Continuing the tradition of celebrating the rich diversity of religious traditions in the United States, President Barack Obama recently hosted an Iftar dinner at the White House in observance of Ramadan.
The dinner, which breaks the daily sunrise-to-sunset fast observed during Ramadan, was attended by members of the diplomatic corps and Congress, including two Muslim congressmen, as well as leaders and officials from across the U.S. Government.
President Obama said the evening "reminds us of both the timeless teaching of a great religion and the enduring strengths of a great nation."
He noted that Islam, like many faiths, "has always been part of our American family, and American Muslims have long contributed to the strength and character of our country."
In his remarks, Mr. Obama referred to the upcoming 10 year anniversary of the September 11th terrorist attacks on the United States. He noted that among the thousands of Americans of many faiths and backgrounds whose lives were cut short by the attacks were "proud and patriotic Muslim Americans." Some were innocent passengers on the planes that crashed; some were workers in the Twin Tower buildings in New York -– "Americans by birth," said President Obama, "and Americans by choice, who crossed the oceans to give their children a better life."
He also spoke of the heroism of American Muslims who were first responders on that fatal day, and who, over the past ten years, have helped protect the nation as police, firefighters and service members, fully aware of, but willing to accept, dangerous risks to help this country.
President Obama said there is only one way to honor those who died in the September 11 attacks and those who serve: "We must be the America they lived for and . . . the America they sacrificed for.

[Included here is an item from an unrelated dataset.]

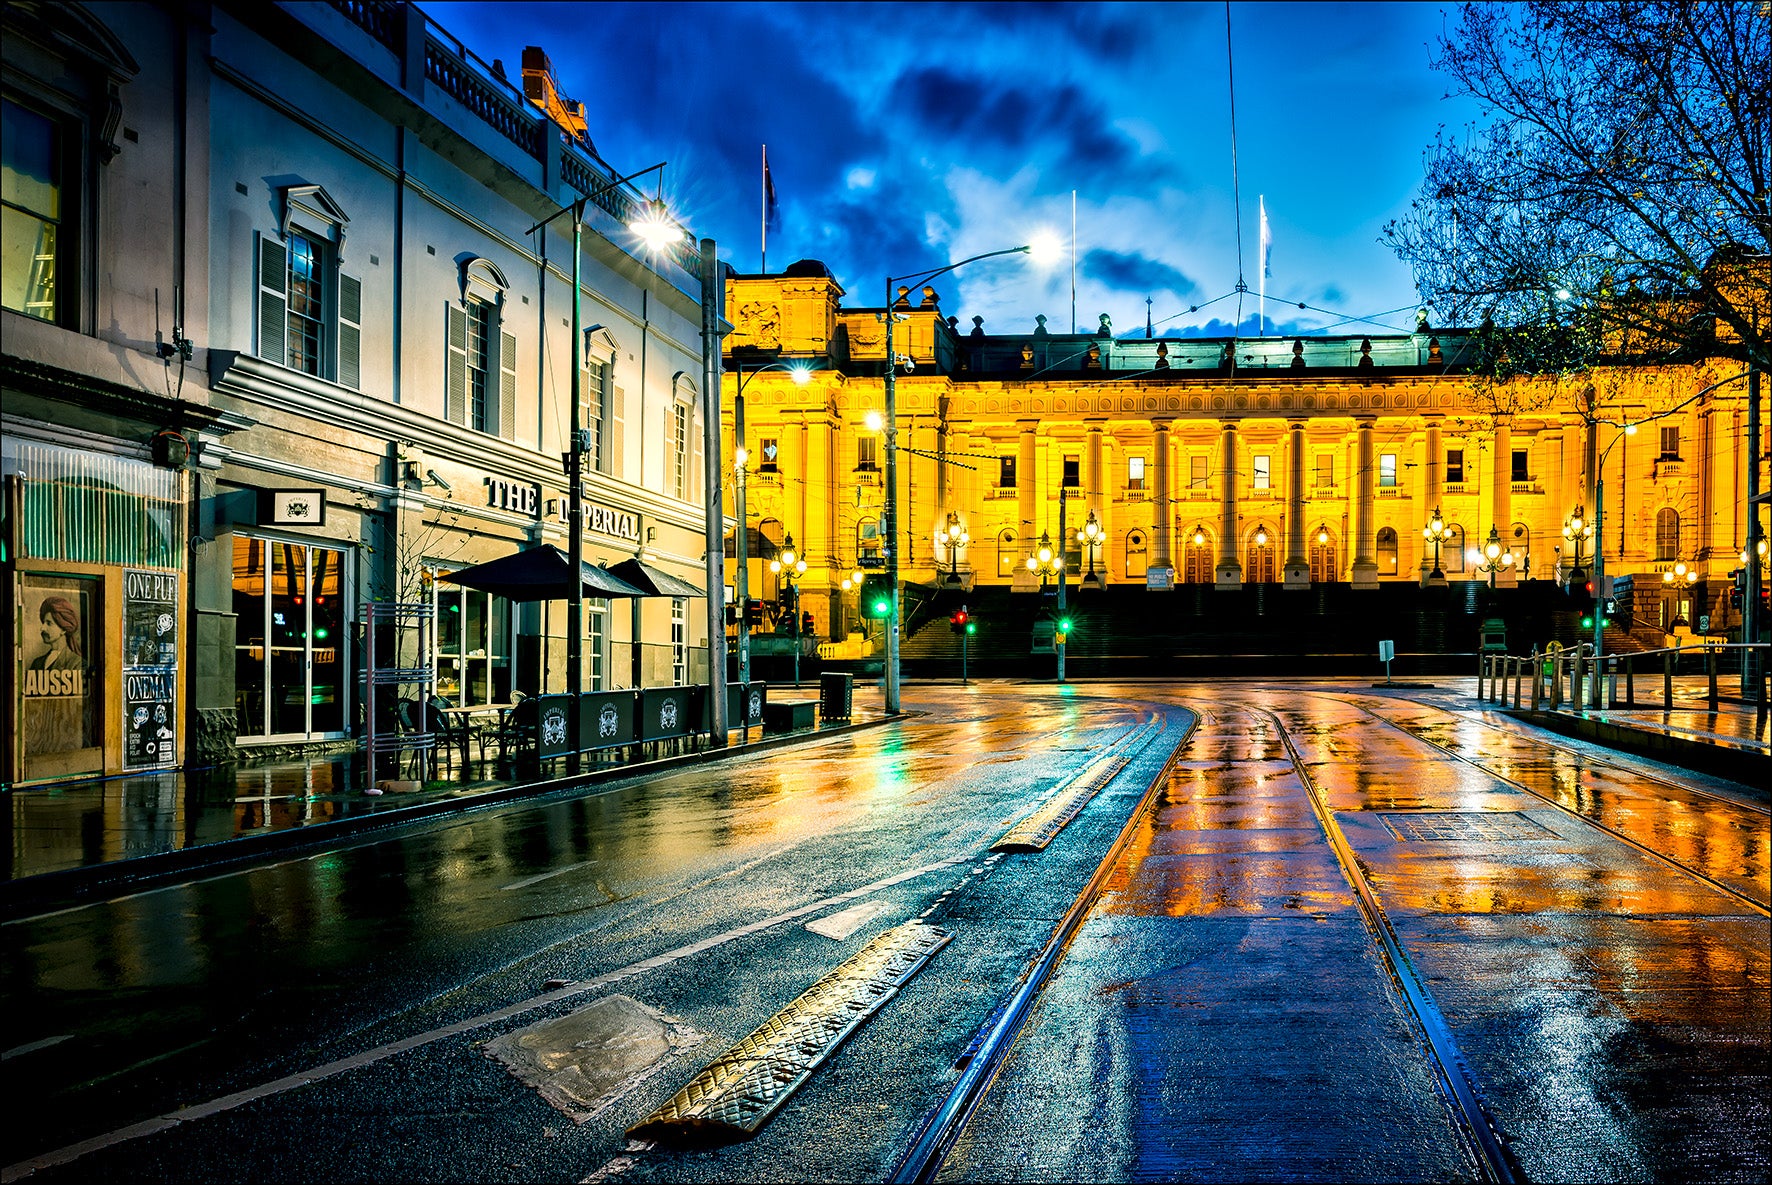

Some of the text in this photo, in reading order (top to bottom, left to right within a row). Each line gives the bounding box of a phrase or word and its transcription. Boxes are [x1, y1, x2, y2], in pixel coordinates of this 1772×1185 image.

"An America" he said, "where we treat one another with respect and with dignity, remembering that here in the United States there is no 'them' or 'us;' it's just us. . . . An America that stands up for the dignity and the rights of people around the world, whether a young person demanding his or her freedom in the Middle East or North Africa, or a hungry child in the Horn of Africa."
"Put simply," said Mr. Obama, "we must be the America that goes forward as one family. . . pulling together in times of trial, staying true to our core values and emerging even stronger. This is who we are and this is who we must always be."